With products perfected over billions of years (of
painstaking evolution), to suit every
tiny creature, in accordance with its unique life style, Nature never
ceases to amaze us. In her ever open house unlimited treasures are flung around with such joyous abandon for us to see,
to feel, to experience and to
learn and above all to mimic. Two
recent research reports reiterate
this undeniable truth further.
Karp etal (1) in their recent
paper discuss a marvelous
biomedical adhesive, inspired by Pomphorhynchus
laevis, indeed too big a name for a tiny parasitic that infects fresh water fish. But
once you realize how cleverly it
uses its head ( both literally and
figuratively ), you will concede the name. Since the parasite has no hands nor feet to cling to its host, it
uses its proboscis, the elongated part
of its head. Proboscis is an interesting word and its genesis is from the Greek word proboscis( προβοσκίς ) which means, somewhat like
move forward to feed. The clever worm inserts its head which as an array of
sharp nanotips into the host’s intestinal wall, the outer cover of the nanotips
then swell, thus ensuring not only a well cushioned anchoring, but also smooth
back tracking, whenever necessary.
Inspired and excited by this
and the umpteen possibilities in soft tissue repair and restoration, Karp's team built a prototype. A simple elastomer sheet with polystyrene spikes each with a sheath of poly( styrene)- poly(acrylic acid)

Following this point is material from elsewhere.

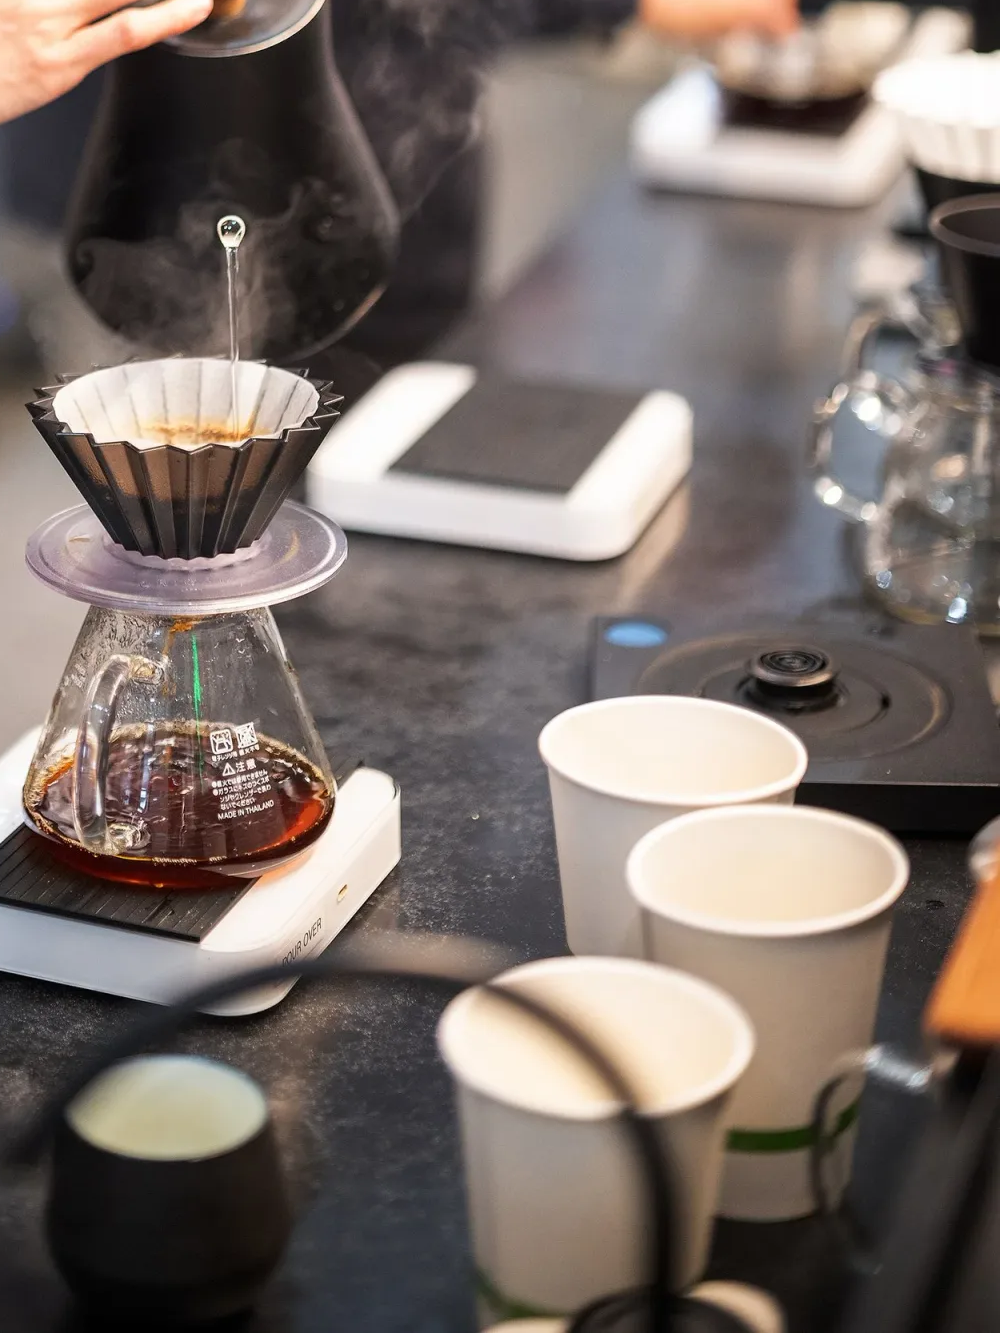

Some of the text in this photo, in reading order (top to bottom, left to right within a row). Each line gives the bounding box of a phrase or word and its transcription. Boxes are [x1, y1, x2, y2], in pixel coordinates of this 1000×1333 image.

[236, 758, 256, 773] 注意
[217, 799, 275, 821] MADE IN THAILAND
[282, 917, 322, 967] POUR OVER

block copolymer. Acrylic acid is extremely hydrophilic and sticky organic molecule; and poly (acrylic acid) is
even more so. In fact poly (acrylic acid) is the predominant
segment in most of the super absorbent
polymers. So the sheath takes up water,
swells and sticks in place. Now
imagine the immediate possibilities :
first medicating the hydrogel sheath,
next controlling the pore size of the hydrogel for controlled drug delivery, then built-in mechanism for timed hydration and
subsequent dehydration of the sheath so that the spike naturally falls of like
a dry leaf. .
Arthropods (houseflies,
ants, bees etc.) are invertebrates with segmented bodies. This tribe,
has been taunting mankind for long,
with their compound eye. A Compound
eye is made up of a cluster of small simple eyes (singular ommatidium, plural ommatidia). Ommatidia
may lack the fine resolution of the
mammalian eye, but it bestows a panoramic view with unlimited depth of vision low
aberration and above all instantaneous
ability to detect motion, features
extremely desirable in cameras. But then
you need hemispherically configured imaging elements to achieve this. Even
the latest digital cameras work on principles of planar sensors and conventional optics.

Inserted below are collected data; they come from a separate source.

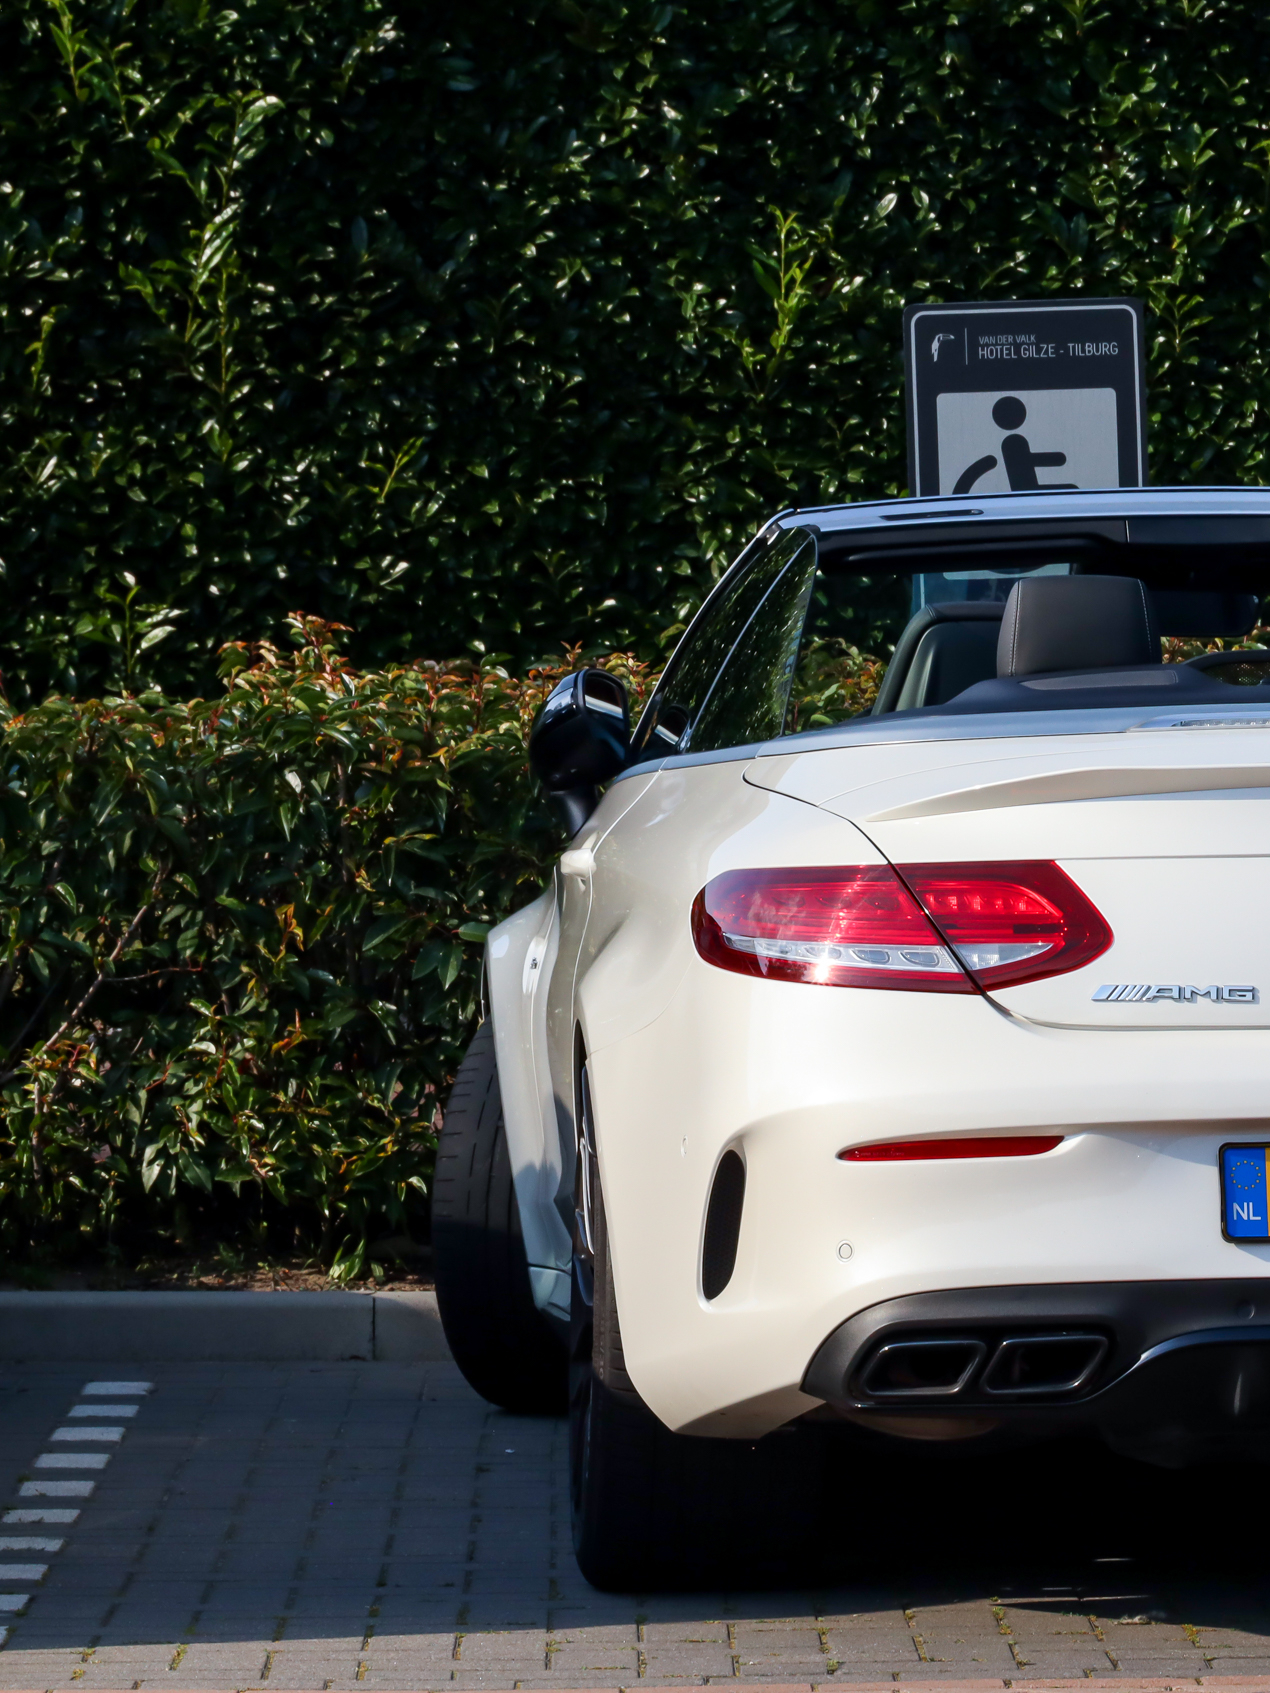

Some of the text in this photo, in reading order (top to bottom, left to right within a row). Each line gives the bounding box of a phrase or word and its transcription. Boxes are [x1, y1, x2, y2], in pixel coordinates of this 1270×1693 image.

[978, 334, 1037, 345] VAN DER VALK
[978, 345, 1018, 359] HOTEL
[1020, 344, 1056, 358] GILZE
[1067, 341, 1119, 357] TILBURG
[1232, 1201, 1262, 1221] NL

The team demonstrates ”how a
camera can accurately and simultaneously render pictures of multiple objects in a field of view , even
at widely different angular positions and distances.”A cross disciplinary global team has surmounted the difficulties(2) by combining the advantages of stretchable electronics with
hemispherical photodetector arrays. The
prototype digital camera has tiny lenses
molded out of a flexible sheet of poly
(dimethylsiloxane, PDMS for short), connected to a stretchable
mesh of silicon photodiodes and
blocking diodes appropriately placed and connected with whiskers of metal embedded polyimides. Each
Microlens with its own photodetector and
electrical connections is equivalent to
an ommatidium and the manmade ommatidia might roughly look like the bubble
wrap, but several orders of magnitude smaller. A perforated black silicon cap
over the microlens array and a black support below the assembly effectively
cuts off stray light. The team has demonstrated ”how a
camera can accurately and simultaneously render pictures of multiple objects in a field of view , even
at widely different angular positions and distances.”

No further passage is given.